Jay stands, closing the distance between us, his face hardening.
"Don't you dare spin that bullshit," he growls. "That's a fucking cop out and you're not using it as an excuse to throw everything away. You're not him, Nate. Never once have you resembled Scott. So don’t start now."
"You saw her, Jay." The words explode from somewhere deep and broken. "She's here because of me. Because I couldn't do the one thing I promised her."
Keep her safe.
"You didn't put her in that car." Jay holds his ground, voice steady like he's talking someone off a ledge.
Maybe he is.
"Don't go down this path, Nate. You know where it leads."
It's too late. I'm already there.
The silence stretches between us like a tightrope. My fists clench and unclench, fighting the itch under my skin, the voice in my head getting louder with each passing second.
"I need to get out of here," I say finally, each word carefully controlled. "Give me your keys."
Jay's eyes narrow. "Where are you going?"
"Doesn't matter."
"It does to me."
"Just give me the fucking keys!” My voice splinters, revealing the desperation beneath.
He studies me for a long moment, and I see the exact second he realizes he can't save me from myself. Not tonight. With a heavy sigh that carries the weight of every time he's watched me self-destruct, he pulls out his keys.
"Nate, please," he says softly, holding them just out of reach. "Don't do anything stupid. She needs you."
I snatch the keys, unable to meet his eyes because we both know where I'm heading.
What I'm about to do.
The demons I'm about to welcome back with open arms.
The drive is a fever dream. My knuckles are white against the steering wheel as memories assault me:
The bar.
Scott's smirk.
Like father, like son.
The accident.
Fire blazing.
Glass shattering.
Nora's blood painting the asphalt.
Her eyes fluttering close as I begged her to stay.
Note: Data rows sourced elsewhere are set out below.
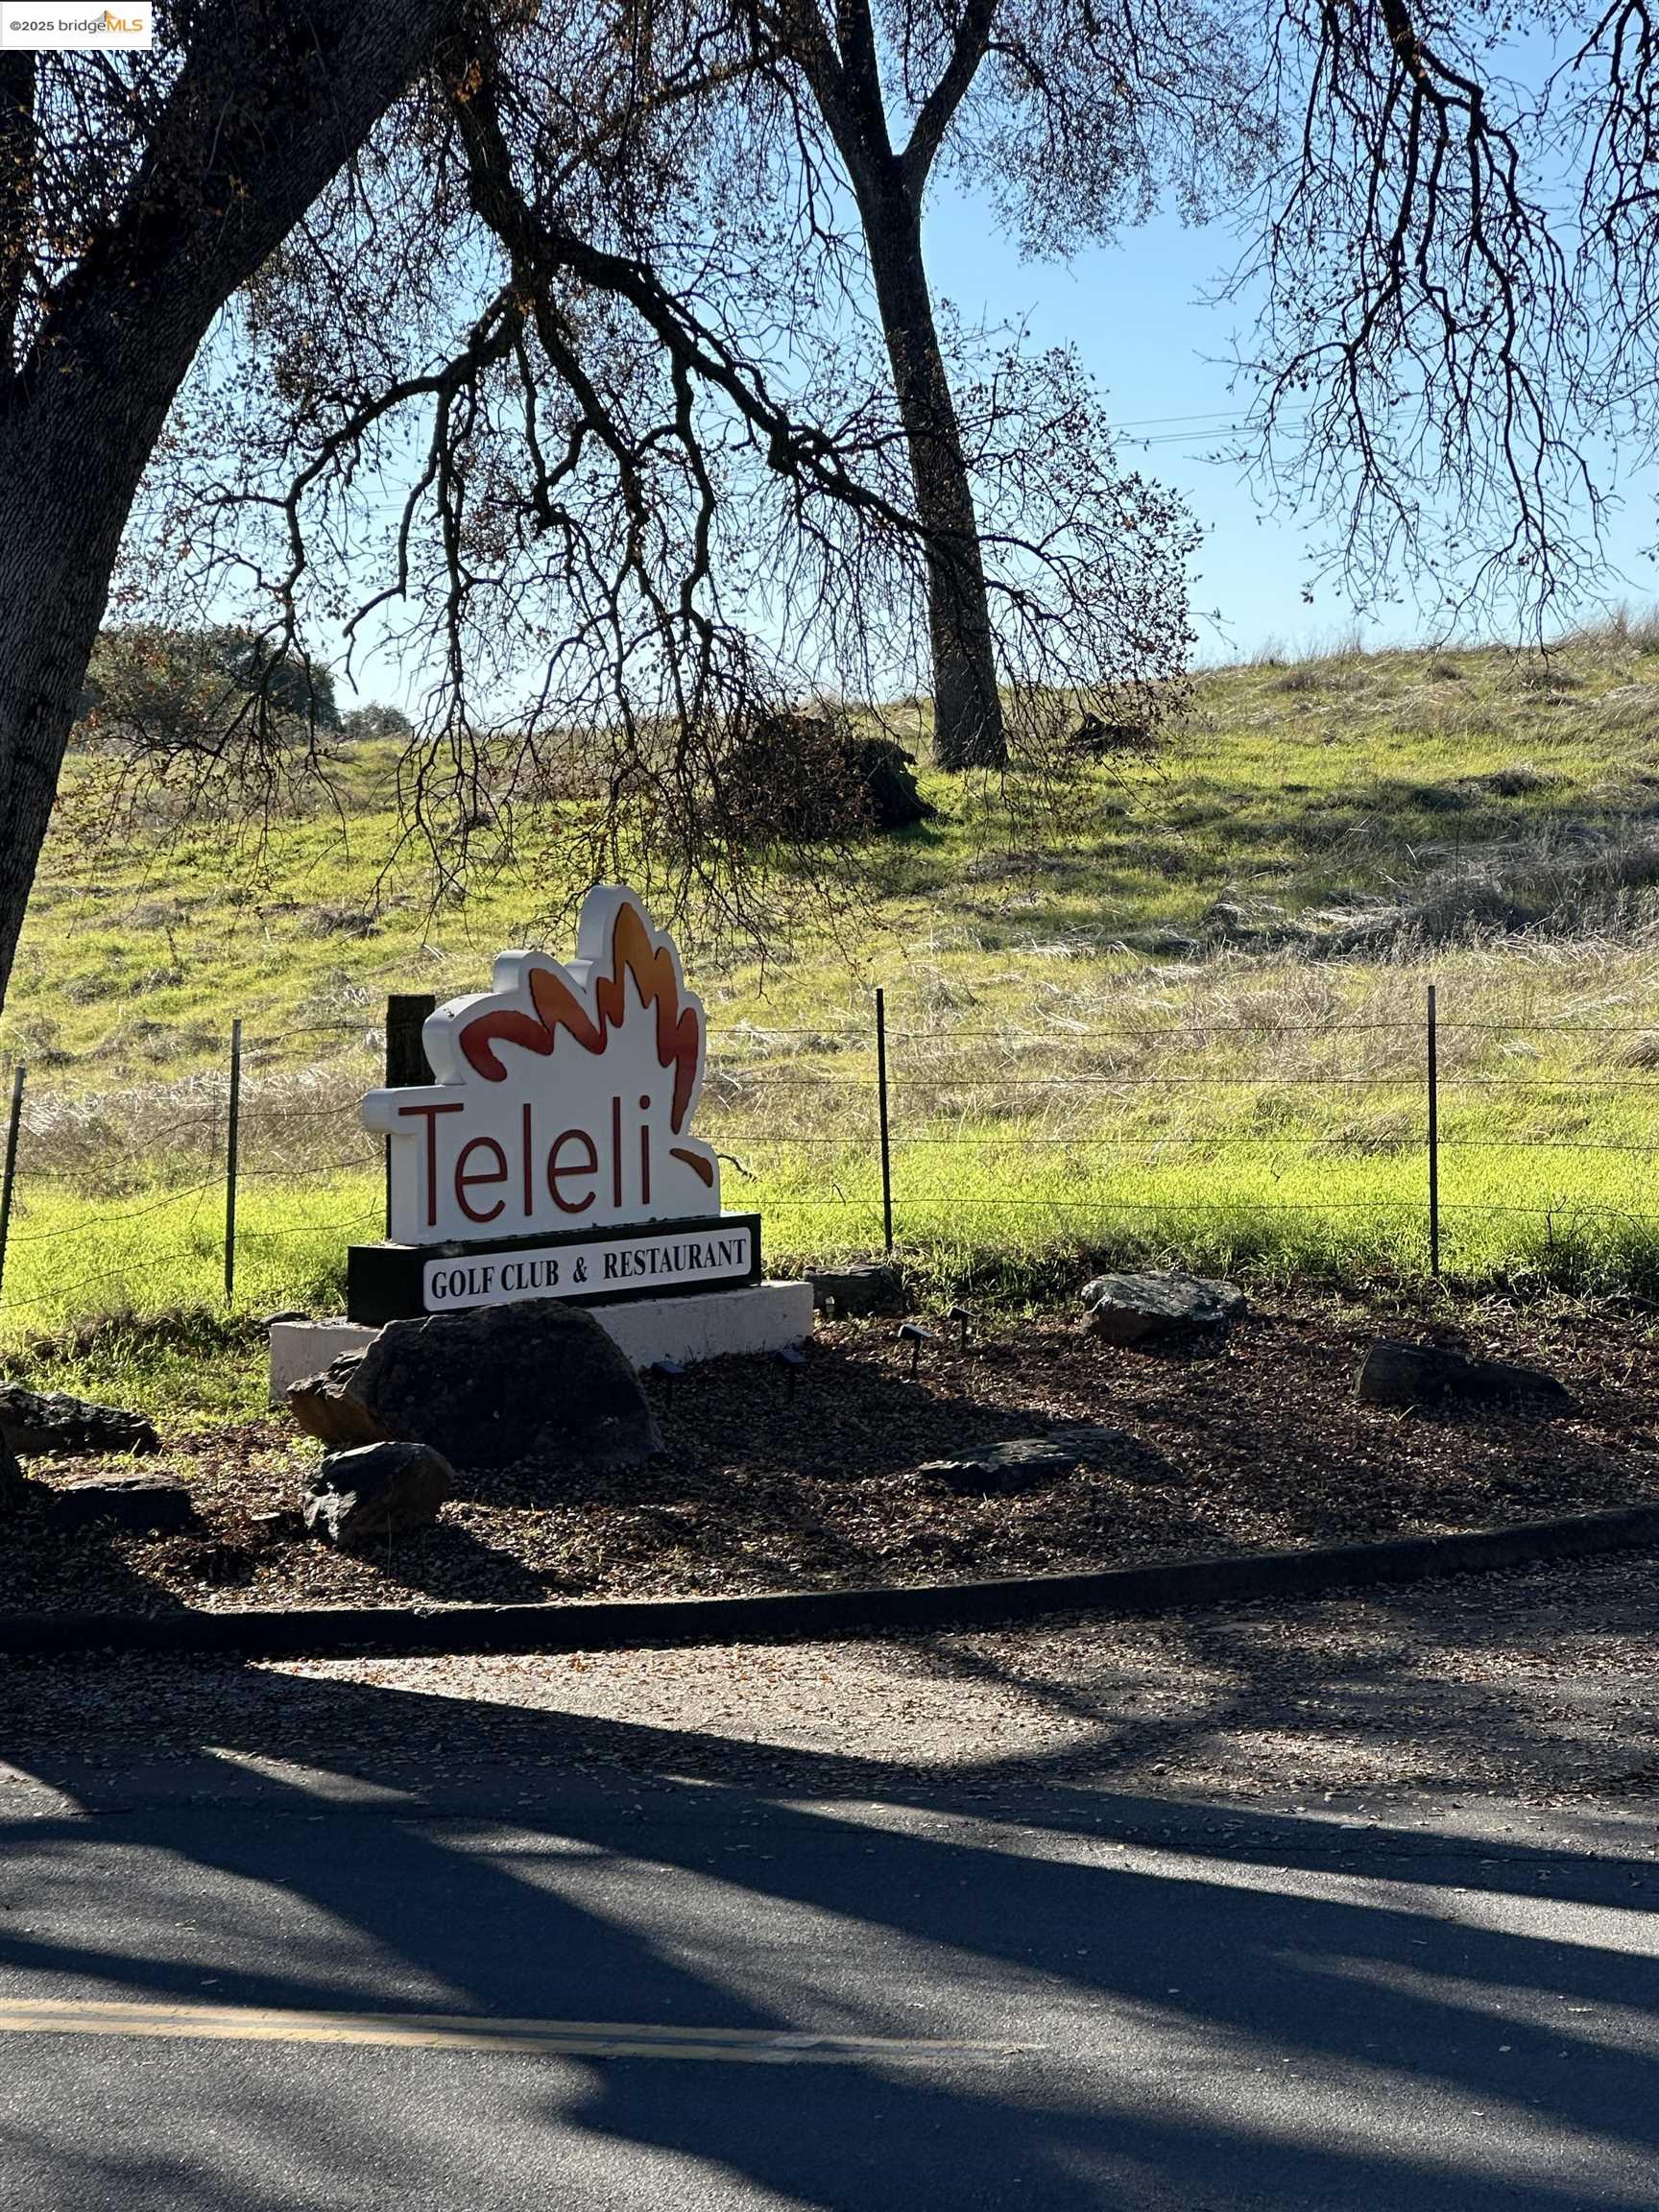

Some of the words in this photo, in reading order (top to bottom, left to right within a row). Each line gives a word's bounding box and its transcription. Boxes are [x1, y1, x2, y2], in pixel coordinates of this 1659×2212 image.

[398, 1094, 651, 1226] Teleli
[431, 1265, 495, 1300] GOLF
[500, 1259, 559, 1291] CLUB
[572, 1256, 589, 1284] &
[603, 1238, 747, 1280] RESTAURANT
The Bait Shop's neon sign cuts through the darkness like a beacon to the damned. The familiar purple glow bathes the street, promising relief in all the wrong places. My feet move on autopilot, carrying me down the path I swore I'd never walk again. He's waiting on that threadbare couch, cigarette smoke curling around him like a snake's welcome. Monty's always waiting. Like a spider that knows the fly will eventually tire of fighting the web.
"Well, well," he drawls, lips curling into that knowing smirk. "The prodigal son returns. What brings you to my humble abode this late at night, Preppy?"
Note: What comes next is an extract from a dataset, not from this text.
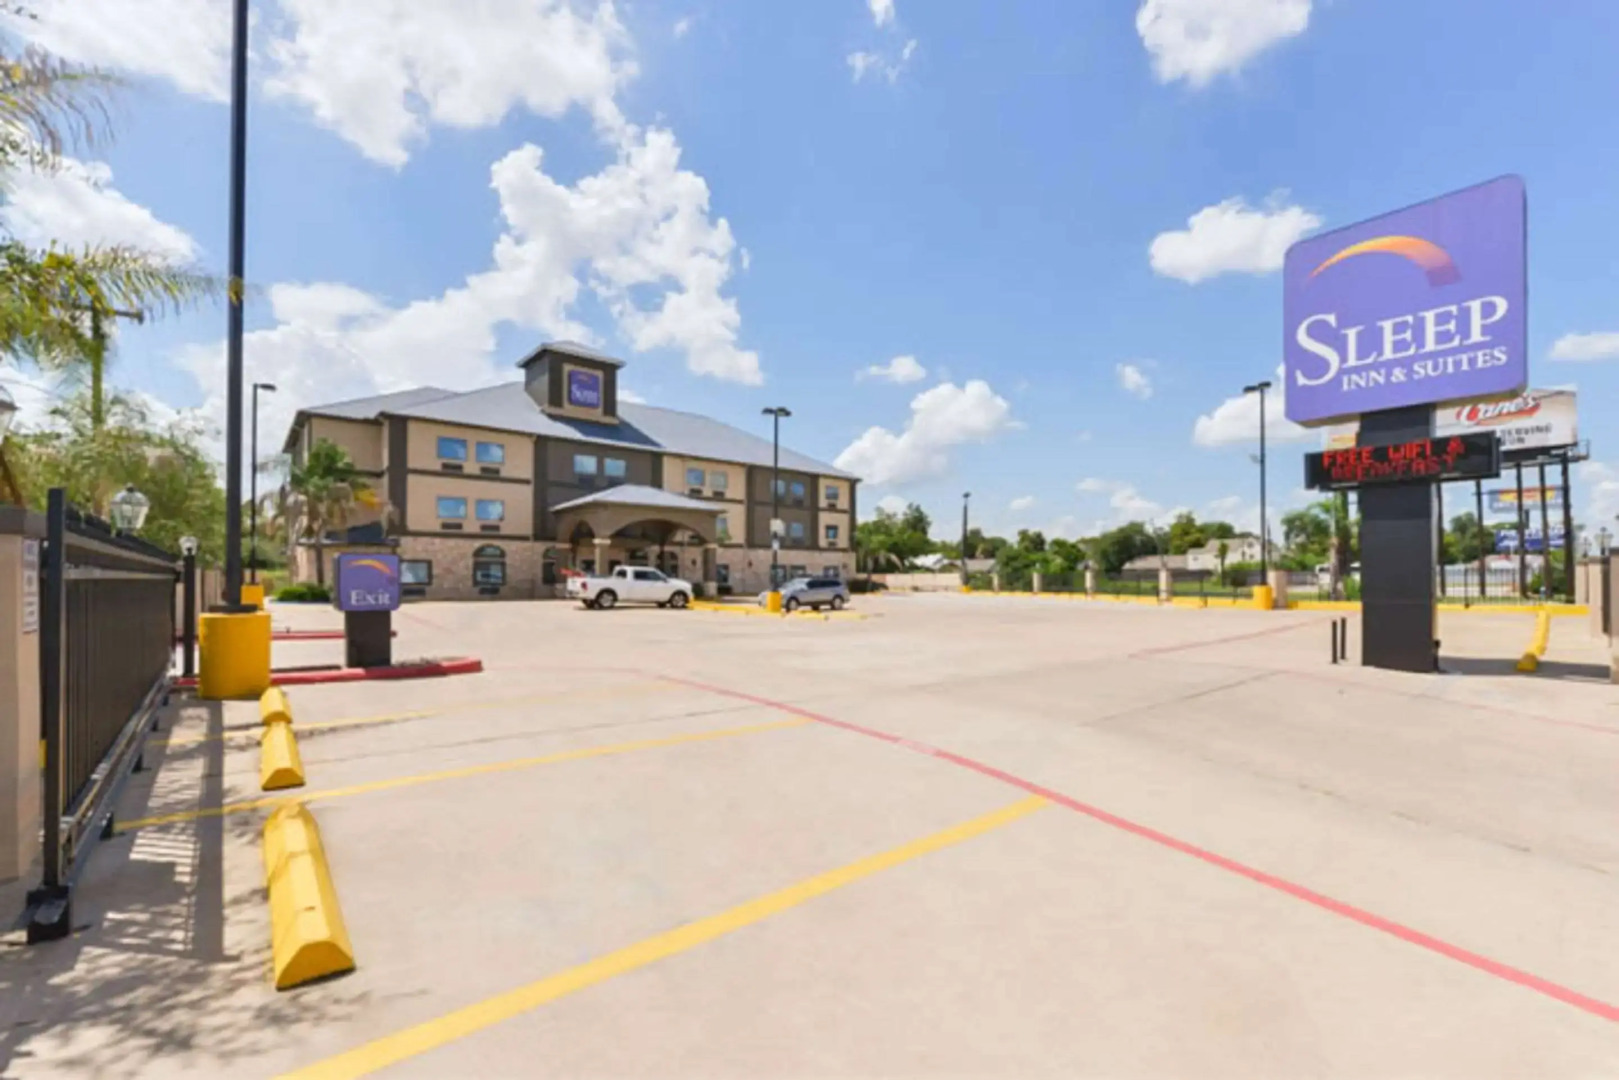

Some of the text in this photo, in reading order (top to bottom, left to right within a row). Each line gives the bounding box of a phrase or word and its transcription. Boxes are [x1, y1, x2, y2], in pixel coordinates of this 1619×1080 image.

[1295, 295, 1508, 386] SLEEP
[1342, 346, 1508, 391] INN & SUITES
[1322, 446, 1375, 471] FREE
[1388, 438, 1433, 462] WIFI
The words stick in my throat like glass. Everything in me screams to turn around, to run, to be better than this.
But I'm so fucking tired of trying to be better.
"I need something."
Monty leans forward, eyes glinting like a predator scenting blood. "Rough night, huh?"
"I need to make it all stop." The confession tastes like surrender.
His grin widens, shark-like in the neon glow. "I thought you were out?"
"I'll give you whatever you want. You want money, fine. You want dirt on Scott Sullivan, whatever. I just need to make it fucking stop."
It's music to Monty's ears, I can see it in his eyes.
"Tell me, kid, how high do you want to fly?"
I hesitate, one last thread of resistance pulling taut. Then Nora's broken body flashes behind my eyes, and the thread snaps.
"As high as I can go," I whisper, each word a nail in my own coffin.
Monty nods, disappearing into the back room. The door creaks like Hell's gates opening, waiting for me to follow. I close my eyes and step through, letting the darkness swallow me whole. Some demons you can't outrun forever.
Sometimes you just have to lie down and let them take you home.